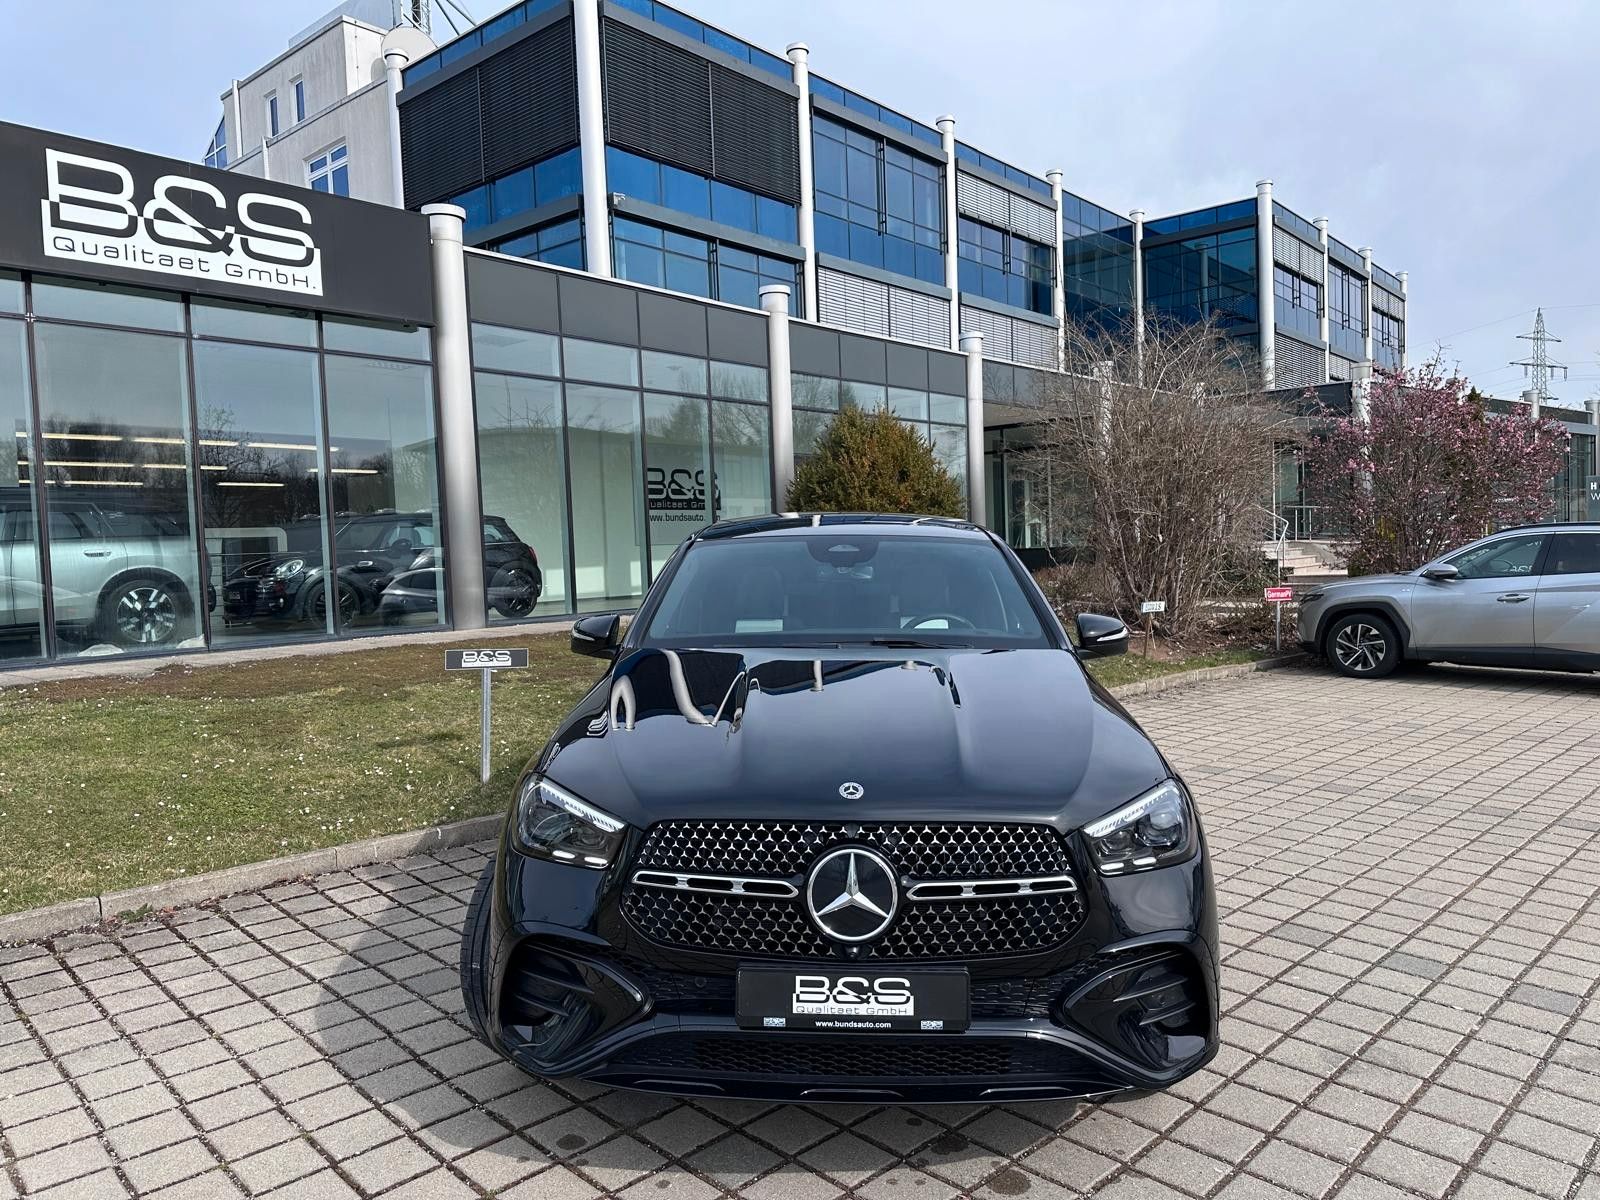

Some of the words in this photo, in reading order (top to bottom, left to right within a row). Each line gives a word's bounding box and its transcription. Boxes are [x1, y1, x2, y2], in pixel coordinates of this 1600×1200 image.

[45, 147, 315, 267] B&S
[53, 236, 210, 273] Qualitaet
[462, 650, 512, 664] B&S
[794, 975, 911, 1006] B&S
[795, 1005, 860, 1015] Qualitaet
[866, 1006, 908, 1016] GmbH
[815, 1019, 892, 1029] www.bundsauto.com

^^^^^^^^^^^^^^^^

__What to do__. Repeat the entries exactly. Any picture is to be left out.

__Result of the exercise__.
Some of the words in this photo, in reading order (top to bottom, left to right within a row). Each line gives a word's bounding box and its transcription. Boxes are [x1, y1, x2, y2], in pixel coordinates of this 1600×1200 image.

[45, 147, 315, 267] B&S
[53, 236, 210, 273] Qualitaet
[462, 650, 512, 664] B&S
[794, 975, 911, 1006] B&S
[795, 1005, 860, 1015] Qualitaet
[866, 1006, 908, 1016] GmbH
[815, 1019, 892, 1029] www.bundsauto.com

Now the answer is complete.